Política

Instituto Chico Mendes e municípios discordam, e criação de unidades de conservação é adiada

A comissão formada por parlamentares e produtores rurais dos municípios de Apuí, Manicoré, Novo Aripuanã, Maués e Borba e os técnicos do Instituto Chico Mendes de Conservação da Biodiversidade (ICMBio) não chegaram a um acordo, na reunião desta quinta-feira (14), em Brasília (DF), sobre a proposta de demarcação de unidades de conservação dentro desses municípios, que abrange 4 milhões de hectares.

Esta comissão apresentou uma contraproposta ao ICMBio, a qual pede que seja reduzido para 3 milhões, ficando de fora as áreas onde funcionam planos de manejo sustentável e empreendimentos de turismo ecológico, agricultura, pecuária e outros que movem a economia e geram milhares de empregos. Também pede que as áreas onde existem projetos de desenvolvimento, como a construção de pistas de pouso, portos e hidrelétricas, além de jazida de fosfato, que já possui licença para pesquisa, não sejam somadas a estas unidades de conservação.

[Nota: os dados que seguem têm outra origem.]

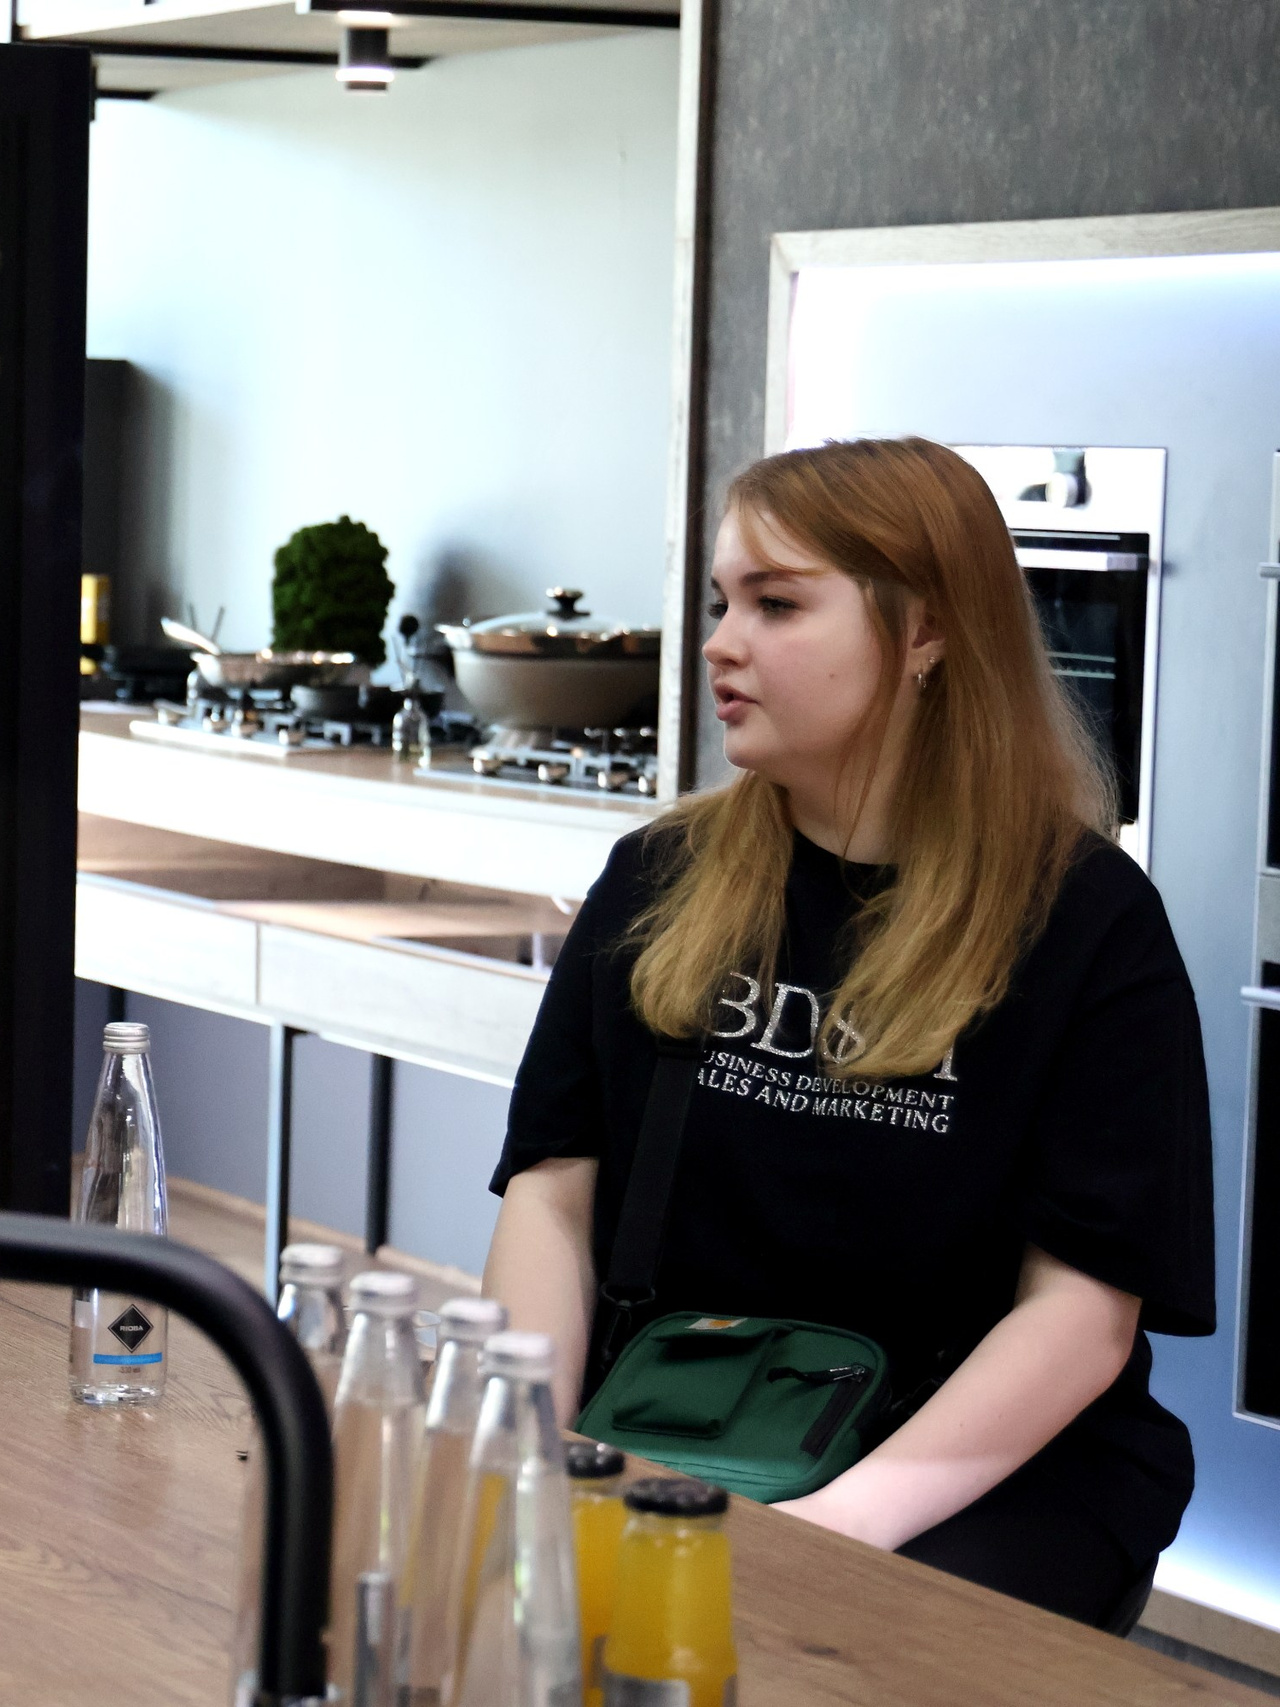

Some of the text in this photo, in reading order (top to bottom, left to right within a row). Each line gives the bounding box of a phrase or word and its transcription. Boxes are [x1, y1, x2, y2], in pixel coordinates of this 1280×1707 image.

[703, 1050, 955, 1111] USINESS DEVELOPMENT
[754, 1085, 809, 1112] AND
[811, 1096, 950, 1134] MARKETING

O presidente do ICMBio, Roberto Vicentin, ouviu a contraproposta, mas não firmou um acordo com a comissão. Foi agendada uma reunião para o dia 27 deste mês, na Assembleia Legislativa do Amazonas (Aleam), em Manaus, onde o instituto irá apresentar uma nova proposta.

O vereador Carlos Weber (PMDB-Apuí), o ‘Carlão’, destacou que apesar do impasse, a reunião com o ICMBio foi bastante produtiva. “O presidente Roberto Vicentin teve a sensibilidade de ouvir os argumentos da população. Ele, agora, tem consciência de que a economia dos municípios sofrerá perdas e que milhares de famílias ficarão sem renda. O povo do interior não é contra a preservação ambiental, mas é contra os critérios que estão sendo usados para a demarcação dessas unidades de conservação. Isso precisa ser discutido e acompanhado pela sociedade”, afirmou.

Entendimento

O deputado Marcos Rotta (PMDB-AM), que participou do evento, disse que aposta no consenso. Afinal, para ele, a contraproposta apresentada pela comissão é inteligente e representa um avanço, pois ela aponta alternativas de preservação ambiental e, ao mesmo tempo, a manutenção da economia dos municípios.

O parlamentar destacou ainda o apoio da senadora Sandra Braga (PMDB-AM), que vem acompanhando a discussão e dando apoio aos representantes dos municípios.

“Em outras vezes que intercedi em questões semelhantes, existia um certo radicalismo de ambos os lados. Agora, vejo uma situação diferenciada. Políticos dos municípios, a sociedade e órgãos representativos não são contrários totalmente à criação e expansão das unidades de conservação, tanto é verdade que a população apresentou alternativas, propondo, principalmente, a redução da área de 4 para 3 milhões de hectares”,explicou Marcos Rotta.

“A demarcação, do jeito que está, atinge terras produtivas e áreas onde serão implantados projetos importantes, como portos, aeroportos e hidrelétricas, bem como territórios demarcados pela Agência Nacional de Energia Elétrica (Aneel). Há também informações de que existem áreas do Estado incluídas nessa demarcação do ICMBio. Nós queremos que o Amazonas continue sendo o Estado mais preservado do País, mas decisões como essa, que mudam a realidade de cinco municípios, não podem ser simplesmente tomadas sem haver uma ampla e profunda discussão. O PMDB reitera o seu compromisso com a preservação e a manutenção de nossas florestas e riquezas naturais”, afirmou o deputado.